Building on this, is the idea of Radical Candor – the idea that you care personally and challenge directly. These two things are very important. You can miss one or the other (or both) and call what you’re doing  “radical candor” but that doesn’t mean it is and won’t prevent people from taking issue with it. When you care personally, you’re invested in that person doing well. When you challenge directly, you challenge that person – not your best friend, or your boss, or your Twitter followers. This isn’t to say that there isn’t sometimes value in abstracting feedback, or that subtweeting is always bad (I don’t judge). Just that if you have, and want to have, a good relationship with someone, you need to get to the point where you can tell them yourself. If you’re the boss, and you want people to tell you what they think directly, that work is heavily on you. With peers, and when trying to tell your boss, I’d suggest trying small things and working up.

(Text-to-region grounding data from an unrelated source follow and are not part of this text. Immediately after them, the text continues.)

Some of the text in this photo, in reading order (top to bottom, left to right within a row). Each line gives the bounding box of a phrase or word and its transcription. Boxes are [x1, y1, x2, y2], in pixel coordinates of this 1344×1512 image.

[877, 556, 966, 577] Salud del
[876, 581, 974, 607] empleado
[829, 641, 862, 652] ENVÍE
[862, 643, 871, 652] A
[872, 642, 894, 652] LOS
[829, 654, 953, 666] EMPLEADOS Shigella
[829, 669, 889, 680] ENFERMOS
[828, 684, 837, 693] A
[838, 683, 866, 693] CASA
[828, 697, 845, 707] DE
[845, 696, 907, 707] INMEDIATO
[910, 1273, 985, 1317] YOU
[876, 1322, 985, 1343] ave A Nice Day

Good feedback is timely, and contextual.

Timely means it’s not just close to the time that it happened, but that it’s a good time for them to do something with it – both practically, and emotionally. This is why post-mortem’s happen after the situation is resolved, once everyone has had a proper night’s sleep (or three). Once the crisis is over, people are more emotionally ready to deal with how it happened. And practically, they’re not distracted by having to deal with it.

Contextual means in in the context of what you’re giving feedback about. But it’s also contextual in what else was going on at the time, and your relationship with that person. For instance, if someone was brusque in a crisis, you might also want to consider if they are brusque in more every day situations. If someone is going through some kind of upheaval in their personal life, the feedback “you’re not as focused” is pretty meaningless – of course they aren’t as focused, but 1) what is the effect? 2) does it matter? 3) are there things that you can do to help them get that back (e.g. doing some planning together and breaking down tasks). And finally, the context of your relationship. If you don’t normally take much personal interest in someone, giving them personal advice is not a great place to start. If you just let someone down, it may not be a great time to ask them for more. It’s worth asking yourself, “Is this the right time? Is this the right context? Am I the right person?” It’s tempting to convince yourself that you are not the right person, so if you’re tempted to say no there, ask, “If not me, who?”

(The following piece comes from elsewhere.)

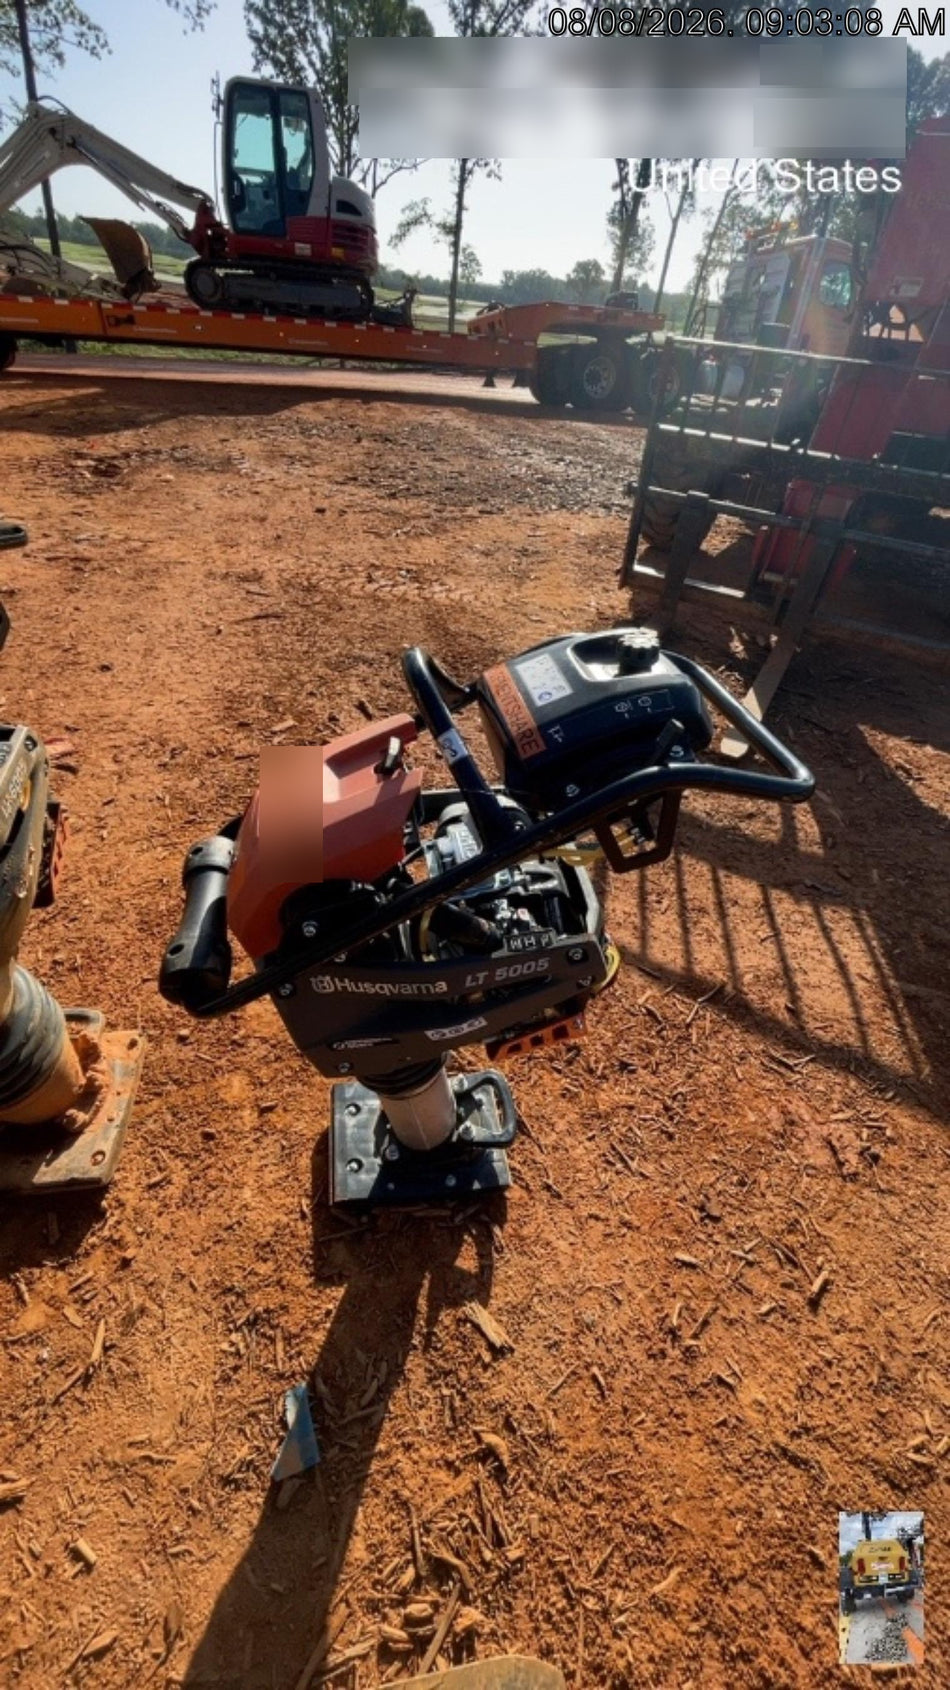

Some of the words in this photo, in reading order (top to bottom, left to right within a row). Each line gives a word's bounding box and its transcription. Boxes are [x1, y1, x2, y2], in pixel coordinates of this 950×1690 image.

At the core of both Leadership and Self Deception, and Radical Candor, is the idea that it’s not just what you do, but how you do it. You can be right, but if you’re right in an obnoxiously aggressive way, it may not matter because people won’t hear you. If you’re right, but you don’t speak up in some way, what difference does it make.

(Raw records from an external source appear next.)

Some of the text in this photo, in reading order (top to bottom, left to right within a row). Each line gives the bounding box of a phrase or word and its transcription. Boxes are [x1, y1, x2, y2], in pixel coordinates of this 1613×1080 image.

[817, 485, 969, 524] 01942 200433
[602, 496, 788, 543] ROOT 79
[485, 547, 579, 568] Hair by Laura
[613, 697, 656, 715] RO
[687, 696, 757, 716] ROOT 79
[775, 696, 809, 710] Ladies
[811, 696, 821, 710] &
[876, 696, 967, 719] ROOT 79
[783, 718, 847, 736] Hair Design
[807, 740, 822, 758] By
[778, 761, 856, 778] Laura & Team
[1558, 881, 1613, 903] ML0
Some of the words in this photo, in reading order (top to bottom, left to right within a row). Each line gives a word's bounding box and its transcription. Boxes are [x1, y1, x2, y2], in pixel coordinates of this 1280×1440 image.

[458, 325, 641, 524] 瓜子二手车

The key thing I want you to take away is that conflict is usually much worse in your head than in reality and not saying things rarely results in improvement. Conflict is not inherently bad. It’s not inherently good either, but it’s not inherently bad. It’s just a function of humans interacting – the difference is what you do with it. Whilst corrosive conflict is destructive of everything around it, productive conflict makes for better decisions and stronger teams.

The challenge then, is this:

  • Think about a piece of feedback you’ve not expressed.
  • Use these frameworks to think it through. Is it still true? What do you really want to say.
  • Talk it through with someone you trust (your coach or manager, a peer in another org, someone outside the organization).
  • Give it.

Another helpful book: Thanks for the Feedback.

3 replies on “Be Less Afraid of Giving Feedback”

This is useful advice for managing many situations. Even NASA’s flight controllers (Mission Control staff) are given feedback AFTER the simulated or real mission: after the situation is handled and in context of the larger situation surrounding the mission.